On 2020/9/2 10:57 AM, Michael Christie wrote:
On Jul 29, 2020, at 8:03 AM, Hou Pu <houpu@xxxxxxxxxxxxx> wrote:
The iscsi target login thread might stuck in following stack:
cat /proc/`pidof iscsi_np`/stack
[<0>] down_interruptible+0x42/0x50
[<0>] iscsit_access_np+0xe3/0x167
[<0>] iscsi_target_locate_portal+0x695/0x8ac
[<0>] __iscsi_target_login_thread+0x855/0xb82
[<0>] iscsi_target_login_thread+0x2f/0x5a
[<0>] kthread+0xfa/0x130
[<0>] ret_from_fork+0x1f/0x30
This could be reproduced by following steps:
1. Initiator A try to login iqn1-tpg1 on port 3260. After finishing
PDU exchange in the login thread and before the negotiation is
finished, at this time the network link is down. In a production
environment, this could happen. I could emulated it by bring
the network card down in the initiator node by ifconfig eth0 down.
(Now A could never finish this login. And tpg->np_login_sem is
hold by it).
2. Initiator B try to login iqn2-tpg1 on port 3260. After finishing
PDU exchange in the login thread. The target expect to process
remaining login PDUs in workqueue context.
3. Initiator A' try to re-login to iqn1-tpg1 on port 3260 from
a new socket. It will wait for tpg->np_login_sem with
np->np_login_timer loaded to wait for at most 15 second.
(Because the lock is held by A. A never gets a change to
release tpg->np_login_sem. so A' should finally get timeout).
4. Before A' got timeout. Initiator B gets negotiation failed and
calls iscsi_target_login_drop()->iscsi_target_login_sess_out().

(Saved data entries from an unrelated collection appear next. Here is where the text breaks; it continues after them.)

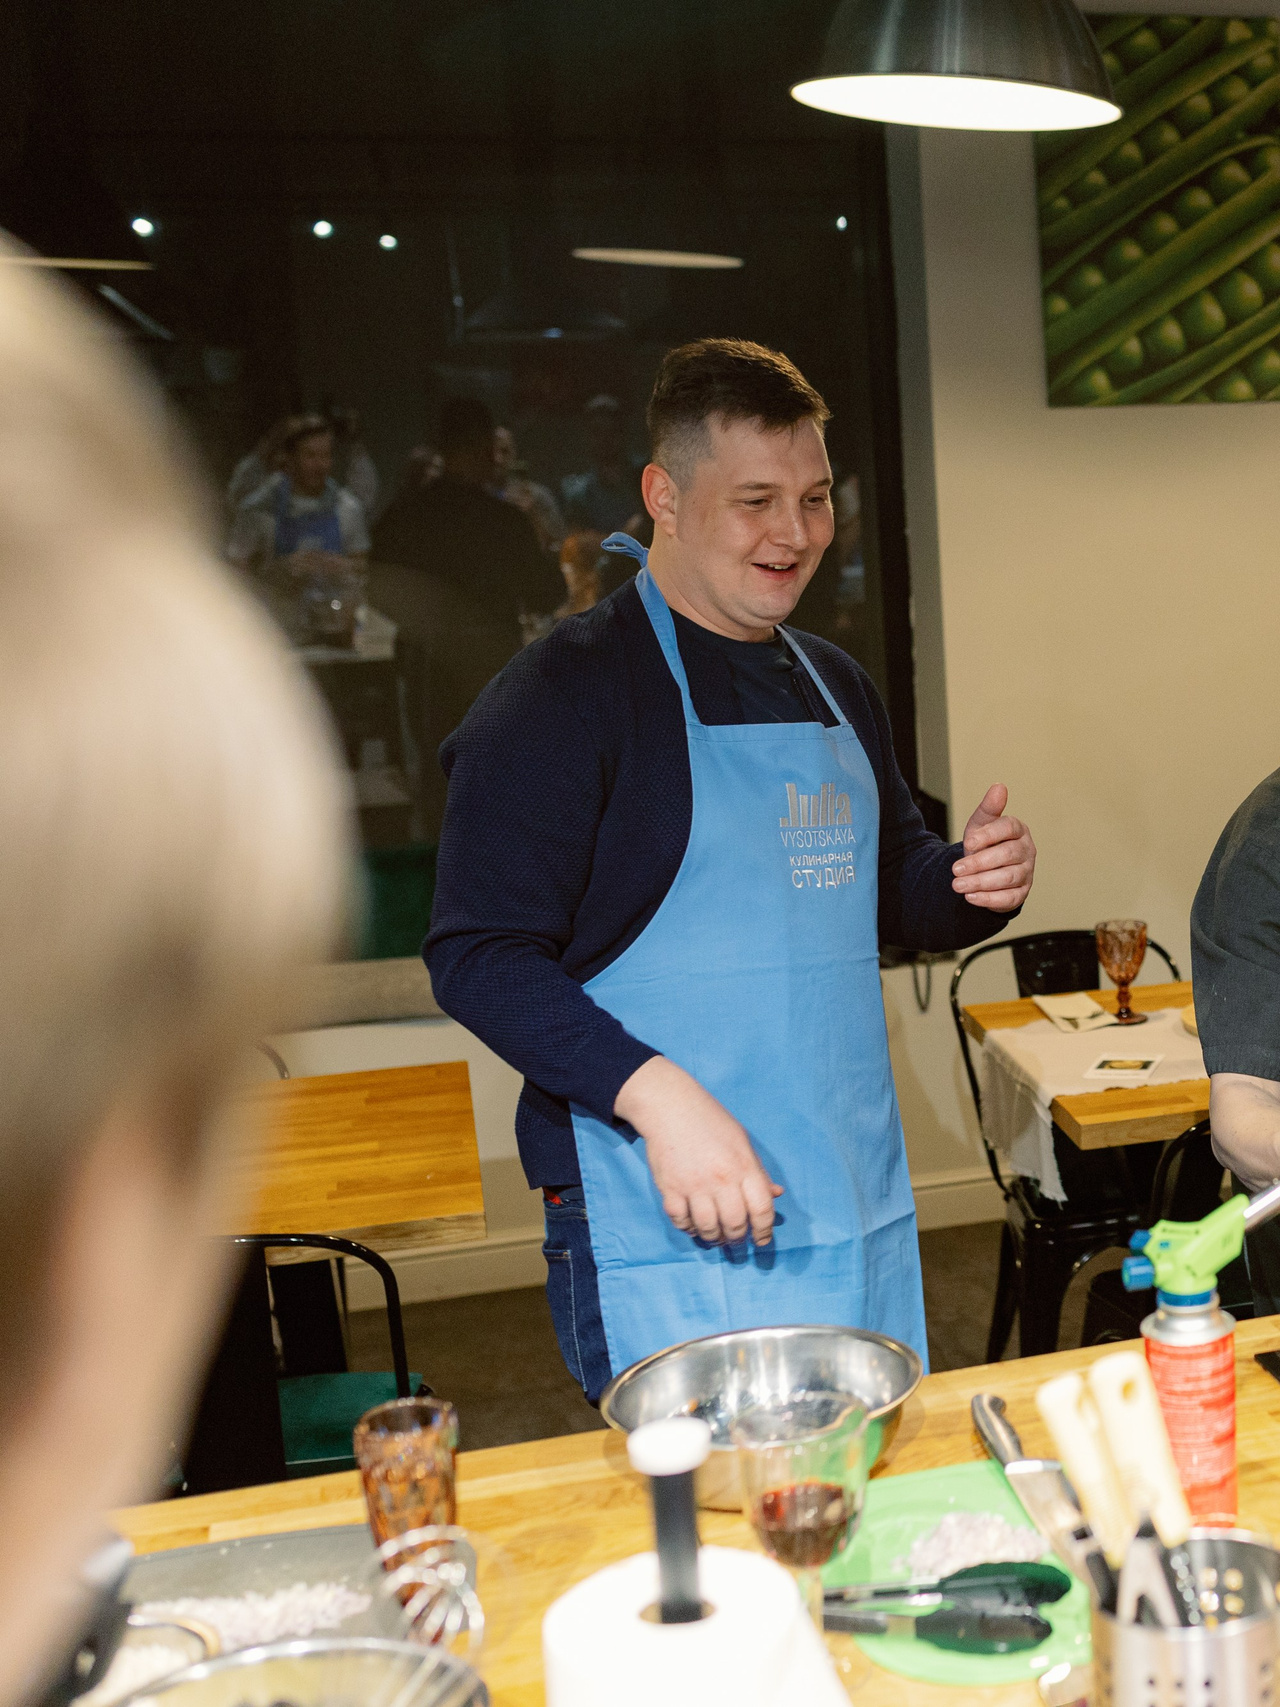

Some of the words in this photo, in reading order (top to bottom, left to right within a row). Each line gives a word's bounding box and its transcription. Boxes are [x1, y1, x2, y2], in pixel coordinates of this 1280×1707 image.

[779, 783, 853, 827] Julia
[780, 828, 857, 848] VYSOTSKAYA
[789, 851, 854, 867] КУЛИНАРНАЯ
[791, 865, 857, 890] СТУДИЯ
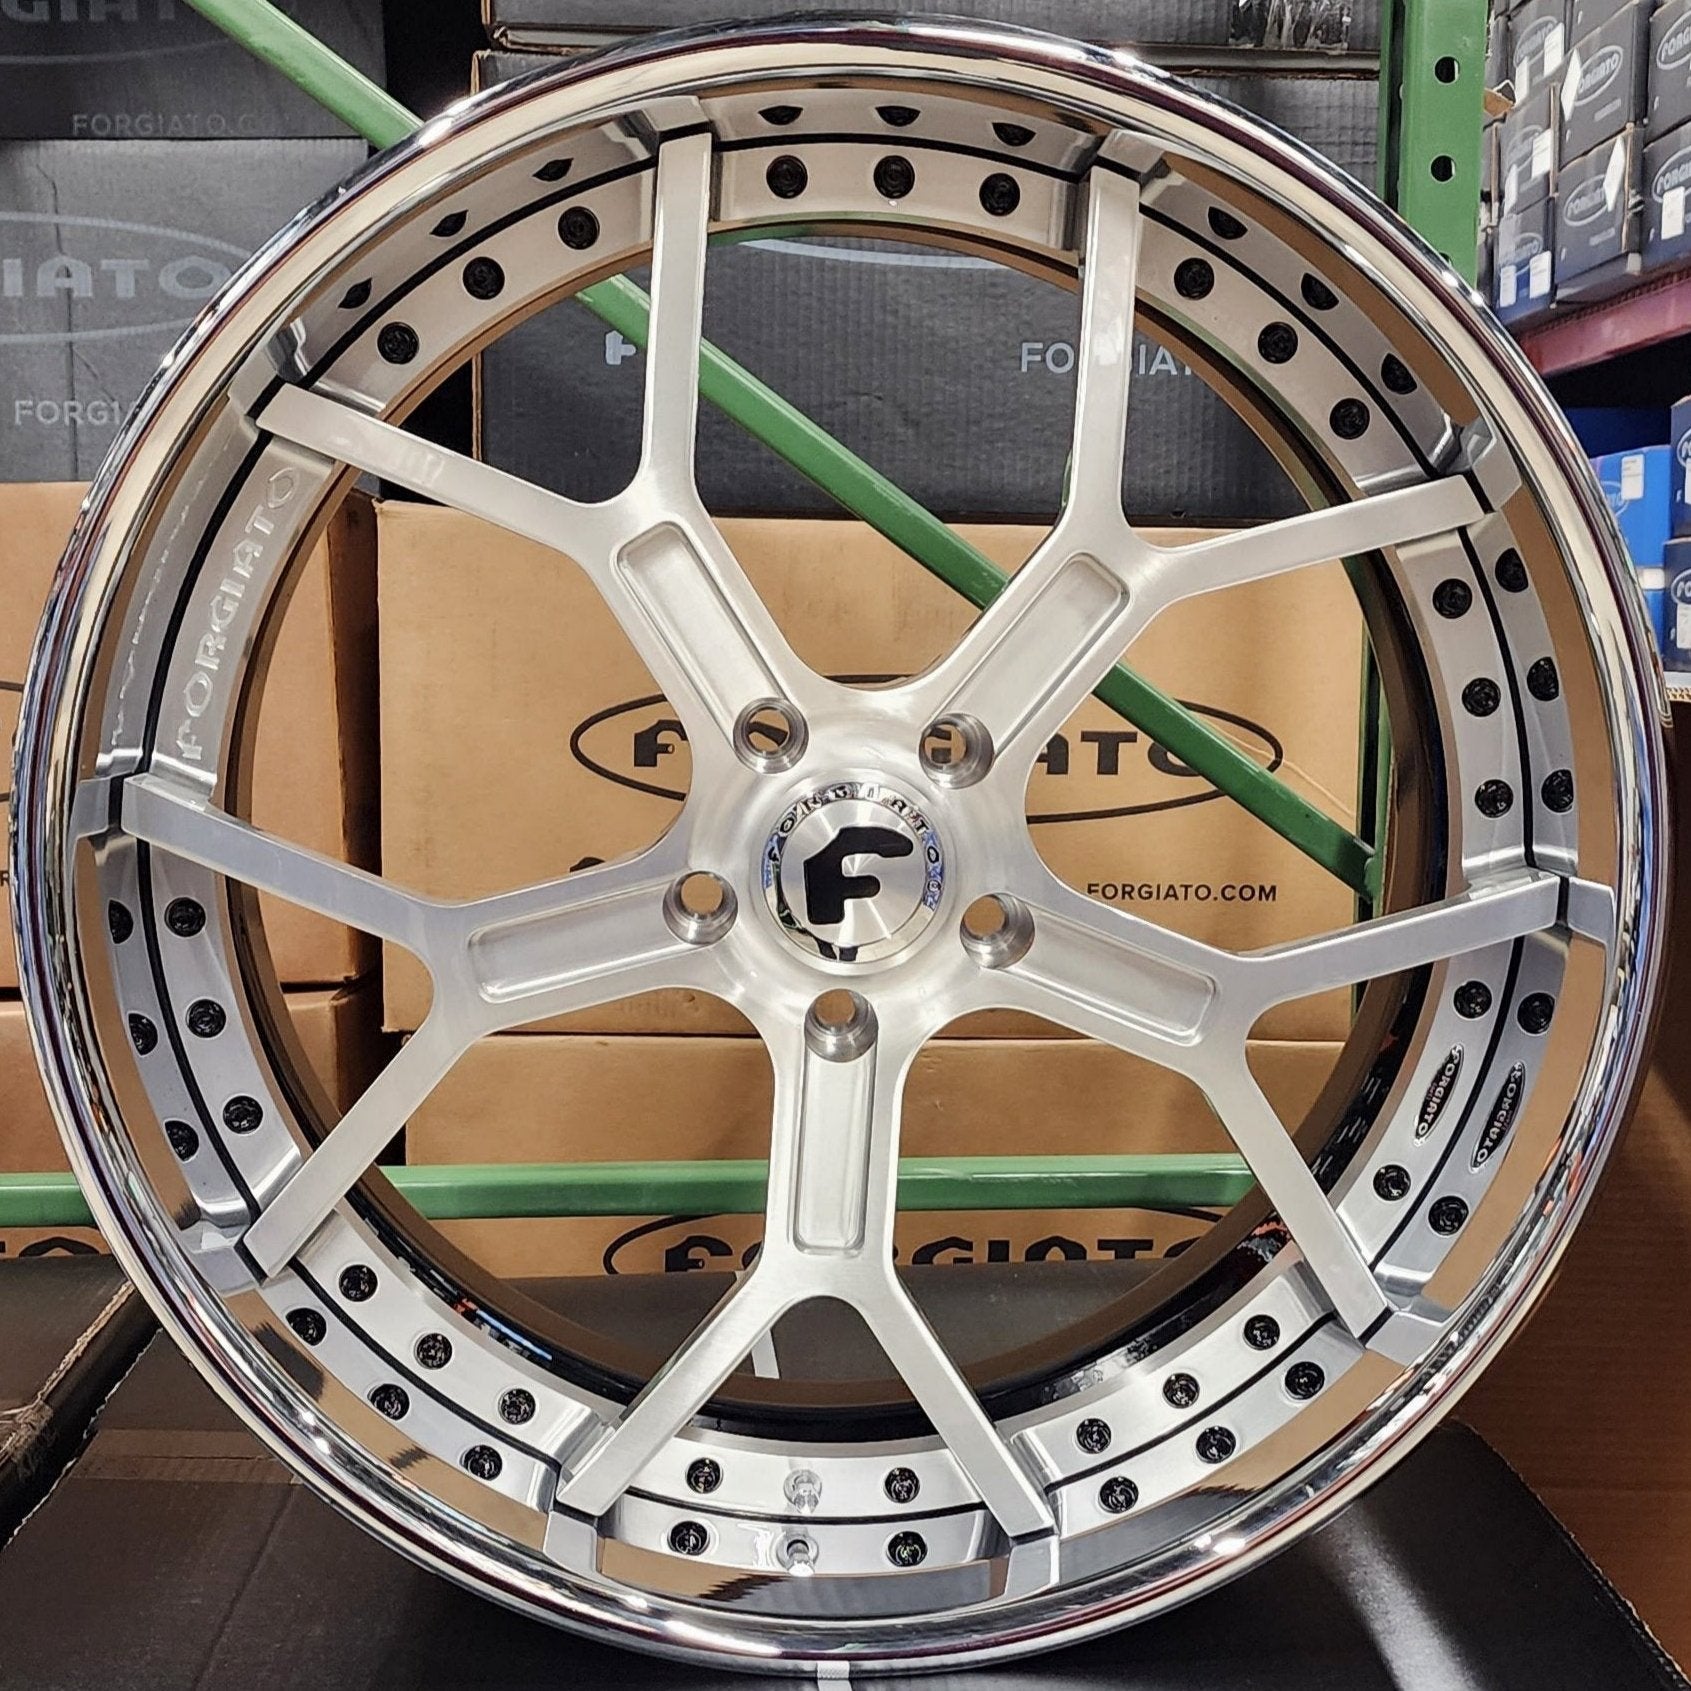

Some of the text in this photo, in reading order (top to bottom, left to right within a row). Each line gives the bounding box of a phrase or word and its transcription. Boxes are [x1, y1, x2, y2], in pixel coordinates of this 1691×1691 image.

[14, 400, 126, 426] FORGI
[176, 467, 298, 760] FORGIATO
[1087, 883, 1277, 901] FORGIATO.COM

The np->np_login_timer is canceled. And initiator A' will hang
there forever. Because A' is now in the login thread. All other
login requests could not be serviced.
iqn1 and iqn1 are different targets right? It’s not clear to me how when initiator B fails negotiation that it cancels the timer for the portal under a different iqn/target.
iqn1-tpg1 in step1 and step3 are same one. (same target volume)
iqn2-tpg1 in step2 is a different volume on the same host.
The configuration likes below:
iqn1-tpg1:
root@storageXXX:/sys/kernel/config/target/iscsi# ls
iqn.2010-10.org.openstack\:volume-00e50deb-5296-4f18-xxxx-106f96a880c8/tpgt_1/np/
10.129.77.16:3260
iqn2-tpg1:
root@storageXXX:/sys/kernel/config/target/iscsi# ls
iqn.2010-10.org.openstack\:volume-86af15c6-c529-4715-xxxx-3c9ca068635d/tpgt_1/np/
10.129.77.16:3260
(I could provide more is needed)
Is iqn2-tpg1->np1 a different struct than iqn1-tpg1-np1? I mean iscsit_get_tpg_from_np would return a different np struct for initiator B and for A?
iscsit_get_tpg_from_np() returned different struct iscsi_portal_group
for initiator A and B. But struct iscsi_np is shared by them.
Because they have the same portal(ip address and port).
Thanks,
Hou